Além disso, como afirma o próprio texto da PEC, “não há tráfico de drogas se não há interessado em adquiri-las”. Entretanto, o traficante de drogas tem uma renda com a venda das drogas e a utiliza para adquirir armamento e ampliar seu poder dentro de seu território, através da comercialização do produto, ou seja, por meio da venda a um “usuário final”. Ou seja, está implícito no próprio texto que: 1) trata-se de um mercado, com as drogas enquanto mercadorias; e 2) se são produzidas e comercializadas como mercadorias, há trabalho envolvido. Logo, produtores e vendedores de drogas são trabalhadores, que vivem da realização (consumo) de tais substâncias. Caso ainda não tenha ficado claro, sugerimos que substituam tráfico e traficantes por venda, comércio e vendedores, comerciantes.

O que há, portanto, de distintivo desse ciclo de produção, comercialização e consumo? Que esse ciclo é ilegal. E é ilegal porque determinadas substâncias são consideradas ilícitas. Além disso, conforme já sabemos, a ilicitude de determinadas mercadorias (como as drogas ilícitas) agregam valor a elas e, consequentemente, a todo o seu mercado. Não à toa, o mercado das drogas ilícitas é um dos mais lucrativos do mundo. Assim, parafraseando o texto da PEC: não há tráfico de drogas se não há a proibição. Com efeito, a proibição das drogas aufere renda – utilizada para adquirir armamento e ampliar seu poder dentro de seu território – por meio da comercialização ilícita do produto, ou seja, por meio da venda ilegal a um usuário final.

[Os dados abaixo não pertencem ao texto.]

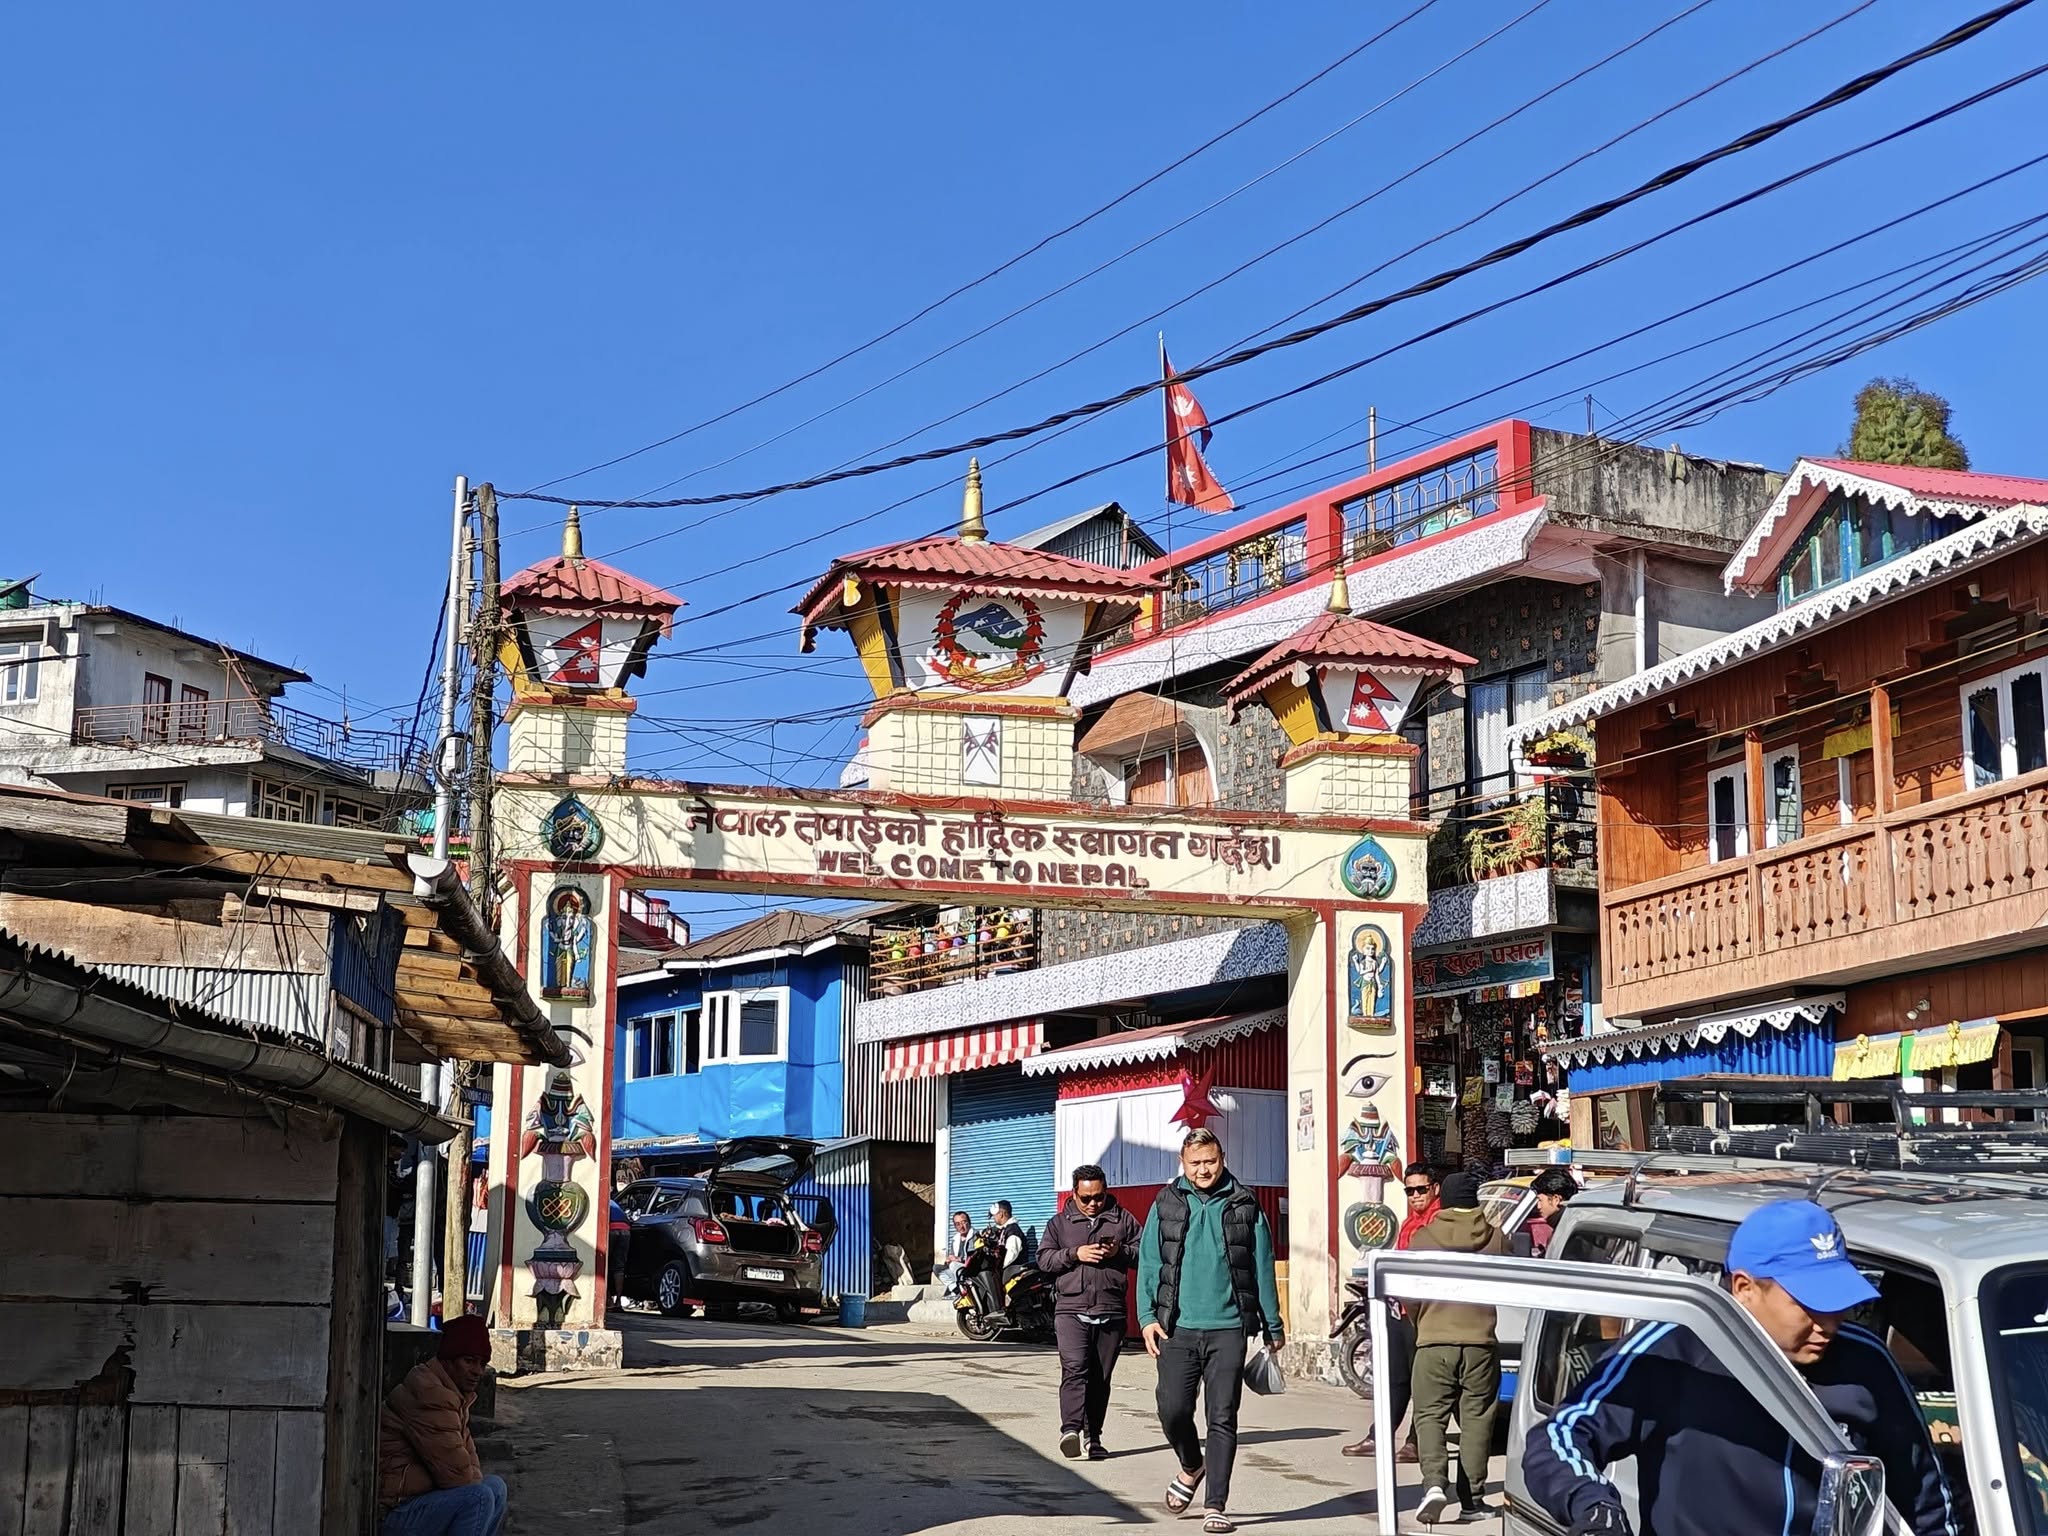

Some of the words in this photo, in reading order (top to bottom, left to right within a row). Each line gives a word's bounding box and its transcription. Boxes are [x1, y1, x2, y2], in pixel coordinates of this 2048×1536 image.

E o qual o objetivo da PEC? Fortalecer ainda mais o caráter ilícito de tais substâncias e do seu ciclo de produção, comercialização e consumo ao considerar como crime qualquer posse e porte de drogas, independentemente da quantidade.

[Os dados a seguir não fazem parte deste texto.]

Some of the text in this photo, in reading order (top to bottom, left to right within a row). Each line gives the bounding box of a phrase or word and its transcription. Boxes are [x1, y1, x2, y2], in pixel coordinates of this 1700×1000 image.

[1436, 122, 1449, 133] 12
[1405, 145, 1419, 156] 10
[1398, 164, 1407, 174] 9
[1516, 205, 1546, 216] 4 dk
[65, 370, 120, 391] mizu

Longe de negarmos os efeitos nefastos do tráfico de drogas e o sofrimento real em que se encontram algumas pessoas em uso de substâncias, é importante destacar que a ameaça do encarceramento e a escalada da violência policial se constituem como o principal risco à vida, saúde e segurança das pessoas que fazem uso de drogas e de suas famílias. Afinal, é justo que uma mãe seja presa por estar com seu filho usuário de droga dentro de casa? É justo que ela, no legítimo exercício de cuidado ao seu familiar, tenha que responder porque se encontra na sua casa uma parcela de droga?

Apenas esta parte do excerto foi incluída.